At the present time the principal RFMOs are as follows:
Organizations concerned with the management of straddling stocks and/or discrete high seas fish stocks: the Commission for the Conservation of Antarctic Marine Living Resources (CCAMLR),203 the General Fisheries Commission (formerly Council) for the Mediterranean (GFCM),204 the North-East Atlantic Fisheries Commission (NEAFC),205 the Northwest Atlantic Fisheries Organization (NAFO),206 and the South East Atlantic Fisheries Organisation (SEAFO).207 Negotiations are also proceeding to establish an RFMO for straddling and discrete high seas stocks in the South Pacific.208 Organizations concerned with the management of highly migratory species: the Commission for the Conservation and Management of Highly Migratory Fish Stocks in the Western and Central Pacific Ocean (WCPFC),209 the Commission for (p.114) the Conservation of Southern Bluefin Tuna (CCSBT),210 the Indian Ocean Tuna Commission (IOTC),211 the Inter-American Tropical Tuna Commission (IATTC),212 and the International Commission for the Conservation of Atlantic Tunas (ICCAT).213 Organizations concerned with anadromous species: the North Atlantic Salmon Conservation Organization (NASCO)214 and the North Pacific Anadromous Fish Commission.215
The above list does not include what would be considered ‘regional fisheries management arrangements’ under the Fish Stocks Agreement, ie where no formal organization is established. The main such arrangements include the 1994 Convention on the Conservation and Management of the Pollock Resources in the Bering Sea,216 the 2006 Southern Indian Ocean Fisheries Agreement,217 and a series of annual agreements relating to the management of blue whiting, Norwegian spring-spawning (Atlanto-Scandian) herring, and mackerel in the north-east Atlantic.218 In the case of the first and third of these arrangements, the participants meet regularly to adopt and review management measures.

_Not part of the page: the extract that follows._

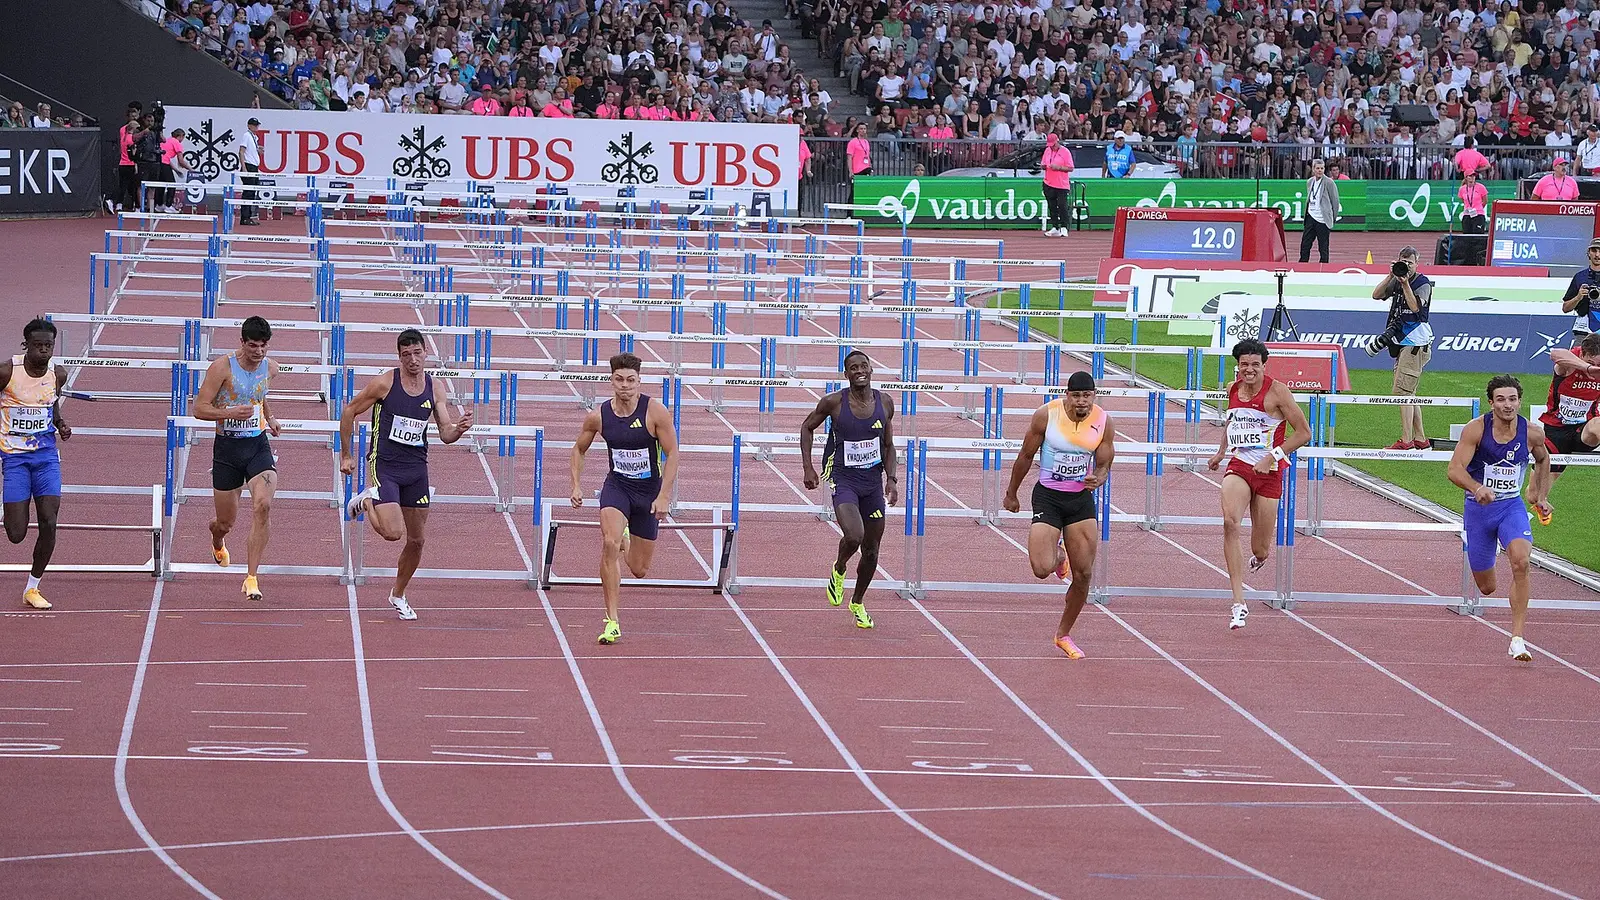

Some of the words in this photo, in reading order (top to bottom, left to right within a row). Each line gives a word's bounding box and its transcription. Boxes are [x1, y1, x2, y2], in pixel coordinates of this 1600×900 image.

There are also a number of organizations concerned with cetaceans. Although cetaceans are not, of course, fish, organizations concerned with cetaceans are frequently discussed in the literature on RFMOs because they share many of the characteristics of RFMOs. The main organizations concerned with cetaceans are the International Whaling Commission (IWC)219 and the North Atlantic Marine Mammal Commission (NAMMCO).220 Although operating through conferences/meetings of the parties rather than an organization as such, the 1979 Convention on the Conservation of Migratory Species of Wild Animals221 and two of the agreements concluded under its auspices, the 1992 Agreement on the Conservation of (p.115) Small Cetaceans of the Baltic, North East Atlantic, Irish and North Seas222 and the 1996 Agreement on the Conservation of Cetaceans of the Black Sea, Mediterranean Sea and Contiguous Atlantic Area,223 as well as the 2006 Memorandum of Understanding for the Conservation of Cetaceans and Their Habitats in the Pacific Islands Region,224 are concerned with the conservation and management of cetaceans.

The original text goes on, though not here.